[Free-text object descriptions]
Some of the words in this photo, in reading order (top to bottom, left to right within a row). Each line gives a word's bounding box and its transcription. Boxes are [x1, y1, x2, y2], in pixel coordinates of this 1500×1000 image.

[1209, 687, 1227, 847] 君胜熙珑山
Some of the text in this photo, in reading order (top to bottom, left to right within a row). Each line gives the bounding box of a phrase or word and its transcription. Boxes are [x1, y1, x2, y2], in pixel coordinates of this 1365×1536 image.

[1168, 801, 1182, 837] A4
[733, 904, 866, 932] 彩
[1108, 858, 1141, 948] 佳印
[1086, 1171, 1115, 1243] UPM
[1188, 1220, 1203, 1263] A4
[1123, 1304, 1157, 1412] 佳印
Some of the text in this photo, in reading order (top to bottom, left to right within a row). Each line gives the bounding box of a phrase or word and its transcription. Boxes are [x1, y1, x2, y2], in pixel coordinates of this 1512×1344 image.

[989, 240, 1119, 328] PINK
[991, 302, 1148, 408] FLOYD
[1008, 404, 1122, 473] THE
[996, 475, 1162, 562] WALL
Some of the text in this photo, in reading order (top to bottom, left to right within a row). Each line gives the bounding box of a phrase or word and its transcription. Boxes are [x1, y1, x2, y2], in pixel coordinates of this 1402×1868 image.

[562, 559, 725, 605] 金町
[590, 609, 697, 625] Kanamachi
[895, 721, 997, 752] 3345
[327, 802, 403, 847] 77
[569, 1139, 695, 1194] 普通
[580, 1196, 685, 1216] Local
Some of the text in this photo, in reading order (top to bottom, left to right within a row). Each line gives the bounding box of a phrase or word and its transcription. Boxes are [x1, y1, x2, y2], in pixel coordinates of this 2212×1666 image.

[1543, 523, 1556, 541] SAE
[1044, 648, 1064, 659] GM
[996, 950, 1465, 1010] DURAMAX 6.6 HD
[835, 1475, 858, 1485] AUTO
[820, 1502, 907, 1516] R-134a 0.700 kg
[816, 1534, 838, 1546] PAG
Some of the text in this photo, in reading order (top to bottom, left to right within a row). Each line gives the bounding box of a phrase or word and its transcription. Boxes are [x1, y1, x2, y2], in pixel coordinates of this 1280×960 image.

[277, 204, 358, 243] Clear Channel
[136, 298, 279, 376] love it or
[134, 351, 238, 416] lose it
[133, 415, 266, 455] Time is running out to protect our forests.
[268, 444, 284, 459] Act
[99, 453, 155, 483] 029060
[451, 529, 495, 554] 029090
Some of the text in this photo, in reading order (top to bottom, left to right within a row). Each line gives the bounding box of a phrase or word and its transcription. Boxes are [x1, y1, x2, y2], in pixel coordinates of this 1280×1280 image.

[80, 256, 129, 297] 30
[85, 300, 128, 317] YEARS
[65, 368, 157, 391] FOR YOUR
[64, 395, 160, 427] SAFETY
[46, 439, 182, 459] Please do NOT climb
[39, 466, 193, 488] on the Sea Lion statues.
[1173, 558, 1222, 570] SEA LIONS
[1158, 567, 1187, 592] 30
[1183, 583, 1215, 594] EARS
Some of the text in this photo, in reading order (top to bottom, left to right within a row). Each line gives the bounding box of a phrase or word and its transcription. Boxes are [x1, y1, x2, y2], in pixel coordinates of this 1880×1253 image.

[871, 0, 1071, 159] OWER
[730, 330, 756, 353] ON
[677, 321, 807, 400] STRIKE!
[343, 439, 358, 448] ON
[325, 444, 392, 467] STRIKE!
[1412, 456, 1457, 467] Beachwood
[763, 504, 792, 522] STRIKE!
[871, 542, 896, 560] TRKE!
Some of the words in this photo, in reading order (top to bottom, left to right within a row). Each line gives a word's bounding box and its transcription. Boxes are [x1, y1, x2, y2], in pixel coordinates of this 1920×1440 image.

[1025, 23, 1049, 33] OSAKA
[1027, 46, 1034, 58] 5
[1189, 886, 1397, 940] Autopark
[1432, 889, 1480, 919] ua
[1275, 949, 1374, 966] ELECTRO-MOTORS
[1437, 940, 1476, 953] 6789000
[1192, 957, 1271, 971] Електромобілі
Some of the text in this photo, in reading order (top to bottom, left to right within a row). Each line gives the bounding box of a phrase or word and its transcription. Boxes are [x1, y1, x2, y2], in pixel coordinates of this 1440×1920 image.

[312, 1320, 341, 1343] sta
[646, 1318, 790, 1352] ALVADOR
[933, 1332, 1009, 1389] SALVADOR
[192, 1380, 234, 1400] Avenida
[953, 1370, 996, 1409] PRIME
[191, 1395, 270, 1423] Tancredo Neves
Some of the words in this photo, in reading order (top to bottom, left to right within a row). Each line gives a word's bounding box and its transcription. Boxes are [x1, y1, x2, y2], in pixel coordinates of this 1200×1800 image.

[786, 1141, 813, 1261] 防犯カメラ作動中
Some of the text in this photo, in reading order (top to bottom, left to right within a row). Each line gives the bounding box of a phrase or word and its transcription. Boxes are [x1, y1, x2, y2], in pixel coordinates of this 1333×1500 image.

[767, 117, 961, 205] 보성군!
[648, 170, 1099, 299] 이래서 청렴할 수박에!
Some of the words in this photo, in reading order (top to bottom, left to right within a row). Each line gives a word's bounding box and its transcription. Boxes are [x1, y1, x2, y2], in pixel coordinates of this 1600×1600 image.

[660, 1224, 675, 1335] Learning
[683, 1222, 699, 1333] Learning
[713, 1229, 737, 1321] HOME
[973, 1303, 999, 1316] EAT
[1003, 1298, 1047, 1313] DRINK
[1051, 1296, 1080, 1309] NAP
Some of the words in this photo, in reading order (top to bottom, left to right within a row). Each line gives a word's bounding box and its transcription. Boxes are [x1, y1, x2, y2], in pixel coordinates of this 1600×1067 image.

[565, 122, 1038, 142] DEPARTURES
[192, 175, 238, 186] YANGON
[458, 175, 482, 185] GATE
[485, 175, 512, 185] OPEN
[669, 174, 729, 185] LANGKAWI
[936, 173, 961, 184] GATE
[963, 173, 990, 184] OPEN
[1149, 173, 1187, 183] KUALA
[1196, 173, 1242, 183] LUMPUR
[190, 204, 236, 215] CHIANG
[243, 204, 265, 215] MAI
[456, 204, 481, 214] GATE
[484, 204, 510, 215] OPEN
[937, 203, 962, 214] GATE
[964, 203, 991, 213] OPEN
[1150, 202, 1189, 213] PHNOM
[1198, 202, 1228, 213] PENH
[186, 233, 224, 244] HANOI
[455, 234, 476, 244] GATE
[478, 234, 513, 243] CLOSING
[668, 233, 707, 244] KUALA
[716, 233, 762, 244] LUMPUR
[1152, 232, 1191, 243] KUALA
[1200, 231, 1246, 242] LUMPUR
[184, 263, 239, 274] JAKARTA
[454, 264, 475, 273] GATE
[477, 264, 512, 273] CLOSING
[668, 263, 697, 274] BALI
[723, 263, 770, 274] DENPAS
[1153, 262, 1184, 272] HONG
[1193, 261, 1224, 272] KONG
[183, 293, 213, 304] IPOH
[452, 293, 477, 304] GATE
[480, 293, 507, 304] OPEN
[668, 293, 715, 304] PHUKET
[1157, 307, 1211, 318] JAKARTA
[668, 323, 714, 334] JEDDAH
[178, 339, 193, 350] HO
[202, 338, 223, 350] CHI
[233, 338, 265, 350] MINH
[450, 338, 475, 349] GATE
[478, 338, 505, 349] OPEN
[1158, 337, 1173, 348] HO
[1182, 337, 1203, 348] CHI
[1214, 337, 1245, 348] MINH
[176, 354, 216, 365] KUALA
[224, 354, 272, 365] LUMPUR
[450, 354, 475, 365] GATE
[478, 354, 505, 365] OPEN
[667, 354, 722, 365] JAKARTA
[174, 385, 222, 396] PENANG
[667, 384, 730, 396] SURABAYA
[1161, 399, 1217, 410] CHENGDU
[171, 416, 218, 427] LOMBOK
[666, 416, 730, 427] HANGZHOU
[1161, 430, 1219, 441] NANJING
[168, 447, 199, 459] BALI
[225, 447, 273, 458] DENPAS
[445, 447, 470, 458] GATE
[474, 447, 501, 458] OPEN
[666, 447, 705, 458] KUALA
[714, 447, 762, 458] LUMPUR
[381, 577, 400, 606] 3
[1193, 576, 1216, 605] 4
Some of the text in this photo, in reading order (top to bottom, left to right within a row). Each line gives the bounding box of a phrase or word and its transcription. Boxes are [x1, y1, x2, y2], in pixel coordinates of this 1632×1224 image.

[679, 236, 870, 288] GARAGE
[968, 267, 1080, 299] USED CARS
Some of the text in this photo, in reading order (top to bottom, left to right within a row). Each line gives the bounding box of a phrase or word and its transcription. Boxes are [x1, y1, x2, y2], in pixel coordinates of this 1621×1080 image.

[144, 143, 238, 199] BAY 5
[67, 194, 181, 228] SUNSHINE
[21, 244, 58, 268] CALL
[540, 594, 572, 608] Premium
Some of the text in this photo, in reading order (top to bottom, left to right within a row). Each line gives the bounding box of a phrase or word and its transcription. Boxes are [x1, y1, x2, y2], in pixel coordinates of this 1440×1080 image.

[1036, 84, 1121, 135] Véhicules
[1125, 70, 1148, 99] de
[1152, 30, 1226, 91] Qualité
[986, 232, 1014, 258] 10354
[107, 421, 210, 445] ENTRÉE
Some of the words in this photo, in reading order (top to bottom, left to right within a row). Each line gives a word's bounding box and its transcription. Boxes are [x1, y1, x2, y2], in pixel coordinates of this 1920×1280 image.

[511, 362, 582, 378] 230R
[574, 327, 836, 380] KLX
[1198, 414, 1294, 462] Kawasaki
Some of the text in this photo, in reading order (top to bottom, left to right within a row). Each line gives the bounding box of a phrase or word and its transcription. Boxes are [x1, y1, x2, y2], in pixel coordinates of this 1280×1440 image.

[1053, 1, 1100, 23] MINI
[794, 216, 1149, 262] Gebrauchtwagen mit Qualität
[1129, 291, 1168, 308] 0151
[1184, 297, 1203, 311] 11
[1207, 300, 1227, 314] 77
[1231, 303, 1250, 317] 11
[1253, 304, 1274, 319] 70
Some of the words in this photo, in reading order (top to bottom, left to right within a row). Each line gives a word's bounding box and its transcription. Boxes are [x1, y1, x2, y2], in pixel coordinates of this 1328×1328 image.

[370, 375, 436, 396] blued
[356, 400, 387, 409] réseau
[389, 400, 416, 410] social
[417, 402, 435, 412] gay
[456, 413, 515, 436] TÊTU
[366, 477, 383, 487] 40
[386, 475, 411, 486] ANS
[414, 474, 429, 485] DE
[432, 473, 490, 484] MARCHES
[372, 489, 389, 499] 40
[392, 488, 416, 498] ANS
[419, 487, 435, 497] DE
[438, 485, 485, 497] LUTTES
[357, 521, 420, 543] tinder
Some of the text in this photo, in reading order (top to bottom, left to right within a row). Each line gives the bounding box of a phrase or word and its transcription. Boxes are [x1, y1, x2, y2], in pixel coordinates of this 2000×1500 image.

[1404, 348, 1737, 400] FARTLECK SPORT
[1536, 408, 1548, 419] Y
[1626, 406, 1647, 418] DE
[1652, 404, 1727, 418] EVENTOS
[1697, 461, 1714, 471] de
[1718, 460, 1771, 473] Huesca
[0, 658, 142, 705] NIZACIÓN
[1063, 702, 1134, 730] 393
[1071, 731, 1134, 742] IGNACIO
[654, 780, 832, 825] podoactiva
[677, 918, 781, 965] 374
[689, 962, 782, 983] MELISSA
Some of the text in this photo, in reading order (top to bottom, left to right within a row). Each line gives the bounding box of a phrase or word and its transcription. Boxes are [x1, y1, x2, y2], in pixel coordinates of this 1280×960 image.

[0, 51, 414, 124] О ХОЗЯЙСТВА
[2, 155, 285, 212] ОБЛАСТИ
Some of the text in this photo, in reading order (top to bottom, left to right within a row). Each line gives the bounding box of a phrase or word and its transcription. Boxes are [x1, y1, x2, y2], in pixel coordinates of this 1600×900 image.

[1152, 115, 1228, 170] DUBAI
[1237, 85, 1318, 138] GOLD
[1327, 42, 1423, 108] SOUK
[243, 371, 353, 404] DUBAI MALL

(Problem statement)
The lines to return run from the one containing "this 1600×900 image." through the last line of the records above. Give them exactly and include nothing more.

(Answer to this task)
Some of the text in this photo, in reading order (top to bottom, left to right within a row). Each line gives the bounding box of a phrase or word and its transcription. Boxes are [x1, y1, x2, y2], in pixel coordinates of this 1600×900 image.

[1152, 115, 1228, 170] DUBAI
[1237, 85, 1318, 138] GOLD
[1327, 42, 1423, 108] SOUK
[243, 371, 353, 404] DUBAI MALL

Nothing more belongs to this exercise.